Sen. Mike Crapo, R-Idaho, is leading a drive to expand federal fallout compensation to other states in the West, but so far, Utah's senators are not aboard as co-sponsors.
Sen. Orrin Hatch, R-Utah, said he will lend his support to actions justified by science. Sen. Bob Bennett, R-Utah, said he will work to support Utah's downwinders and expressed concern for funding the compensation program if it were expanded. He did not refer to downwinders in other states.
Federal studies have shown fallout was deposited throughout most of the United States, not only the counties in Utah, Nevada and Arizona currently covered by the Radiation Exposure Compensation Act.
The Utah counties are Beaver, Garfield, Iron, Kane, Millard, Piute, San Juan, Sevier, Washington and Wayne. Also allowed compensation for fallout exposure are residents of five full counties and part of another in Nevada, and five counties in Arizona plus the section of that state north of the Grand Canyon.

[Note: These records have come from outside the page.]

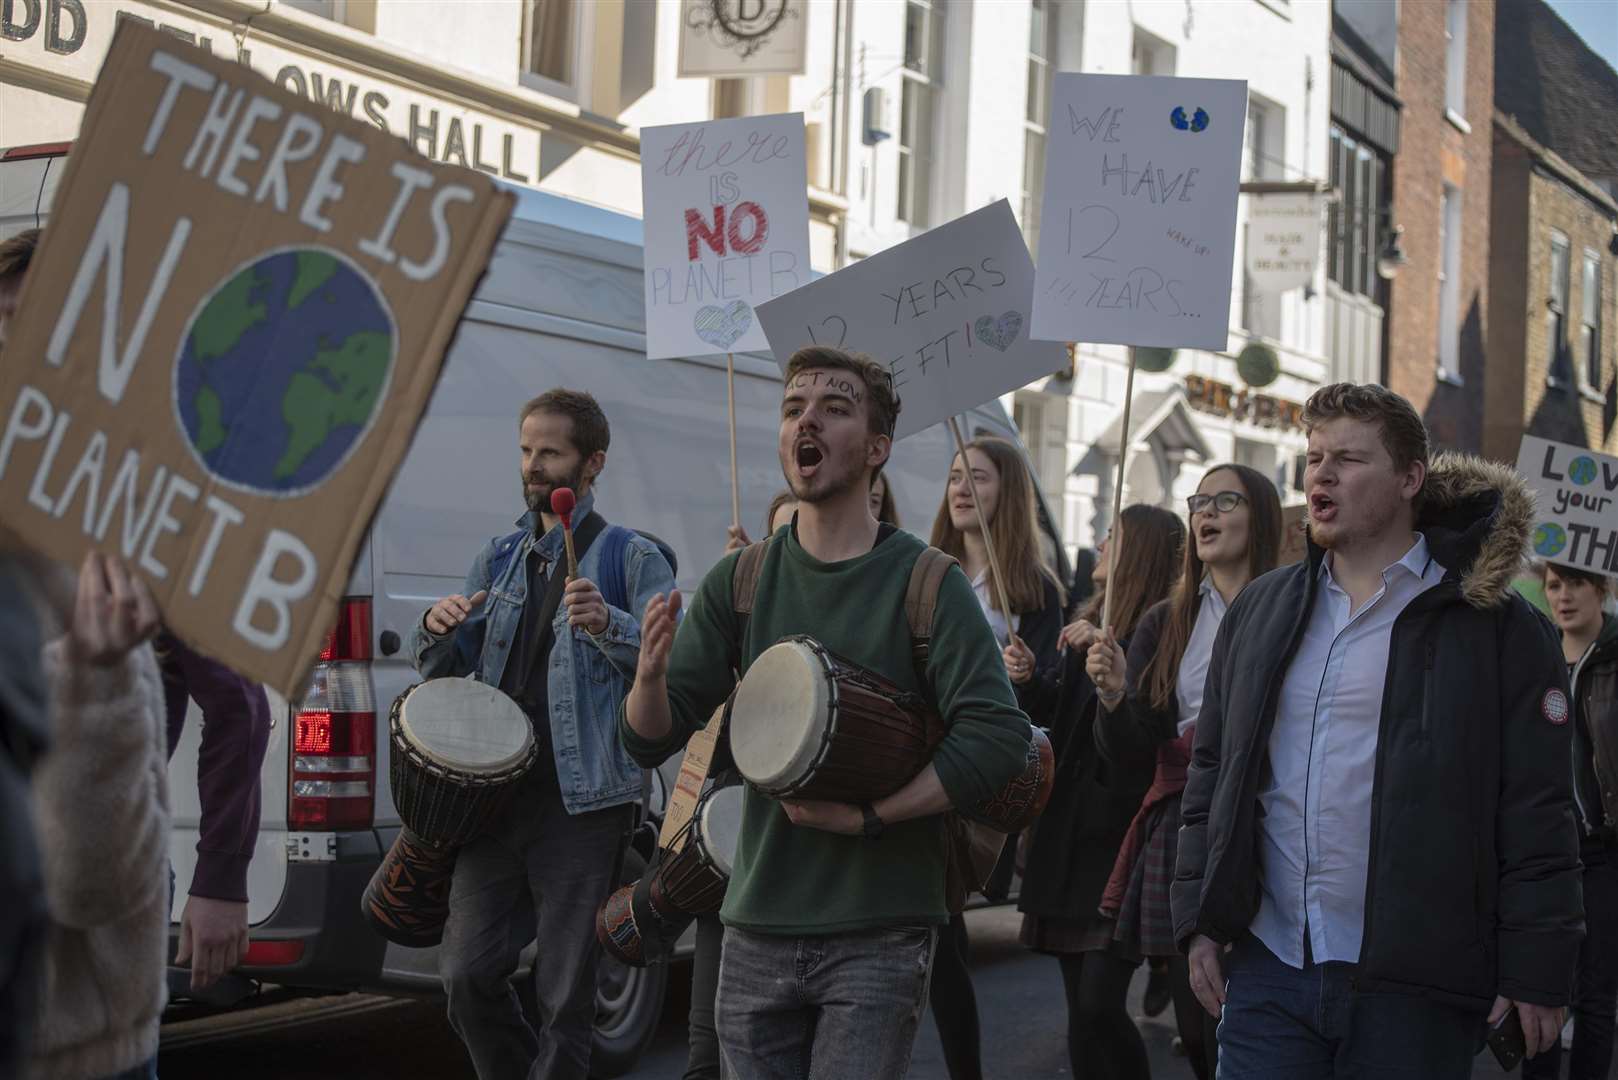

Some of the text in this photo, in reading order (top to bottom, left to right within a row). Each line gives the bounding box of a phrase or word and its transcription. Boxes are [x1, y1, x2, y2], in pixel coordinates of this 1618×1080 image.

[409, 103, 528, 183] HALL
[1067, 104, 1124, 142] WE
[144, 49, 366, 232] THERE
[358, 162, 475, 281] IS
[656, 127, 791, 176] there
[1101, 153, 1200, 204] HAVE
[709, 171, 741, 206] IS
[684, 201, 769, 262] NO
[1067, 205, 1120, 262] 12
[652, 250, 800, 306] PLANET B
[880, 257, 1006, 325] YEARS
[888, 321, 974, 389] EFT!
[825, 377, 865, 403] NOW
[0, 386, 318, 652] PLANET B
[1552, 488, 1612, 515] your

However, other parts of America also were subjected to dangerous levels of fallout, according to federal studies.
Within Utah, according to a 2005 cancer-rate study by the National Cancer Institute, some counties excluded from compensation had higher rates of cancer caused by fallout than some counties whose residents are eligible. Tied with three southern Utah counties for highest rates were Salt Lake, Tooele, Weber, Morgan, Wasatch, Carbon and Grand counties. They fell into the category of 208 to 247 cases of fallout-caused cancer per 100,000 people exposed.
"This week I'll be introducing reintroducing again my RECA bill," Crapo said Tuesday during a radio press conference. "This is the bill that deals with the issue of radiation damage caused to people in Idaho as a result of the (open-air nuclear) testing," he added.
What's new about Crapo's bill is that now it includes Montana, as well as all of Idaho, as places where people might be compensated if they were exposed to high levels of fallout and contracted certain types of cancer.
Crapo said the bill will be introduced today by himself and three other senators Sen. Larry E. Craig, R-Idaho; Sen. Max Baucus, D-Mont.; and Sen. Jon Tester, D-Mont.
A report by the National Academies of Sciences found that among the 25 counties in the United States with the highest doses of fallout radiation, "20 are in Idaho and Montana," he said.
Crapo staff member Lindsay Northern told the Deseret Morning News that the Idaho senator's office is "still in discussions" with Utah's senators regarding their stances on the bill. As to whether all of Utah may be added to the bill's compensation expansion area if Bennett and Hatch support it, Northern said, "If they decide to join us on a new bill, they would determine what is covered, not us.
"We just decided to go with an Idaho-Montana bill at this time to get the bill (introduced) before the recess. Other states can, and may be, added later."
Asked about the issue, Bennett press secretary Emily Christensen wrote in an e-mail, "Sen. Bennett has worked hard to fully fund the program's shortfalls, but it is an ongoing challenge.
"Expanding RECA will only place an extra burden on an already stressed program. As these discussions proceed, he will continue to work with Sen. Hatch to ensure that Utah's downwinders are protected."
Hatch's office passed along this statement from him: "I am aware that some in other Western states believe RECA should be expanded to cover additional geographic areas.
"If the science is there to justify an expansion I will support it. That has always been how I evaluate RECA changes should be made on the best available science."
J Truman, a Malad, Idaho, man who formerly lived in southwestern Utah and is director of the group Downwinders United said he's grateful for the actions by Idaho's and Montana's senators.
But he added that he was saddened that so far, other Utah and Arizona residents are not to be covered by RECA.He said there's no excuse for not at least trying "to give the same small measure of justice to those in the rest of Utah and Arizona."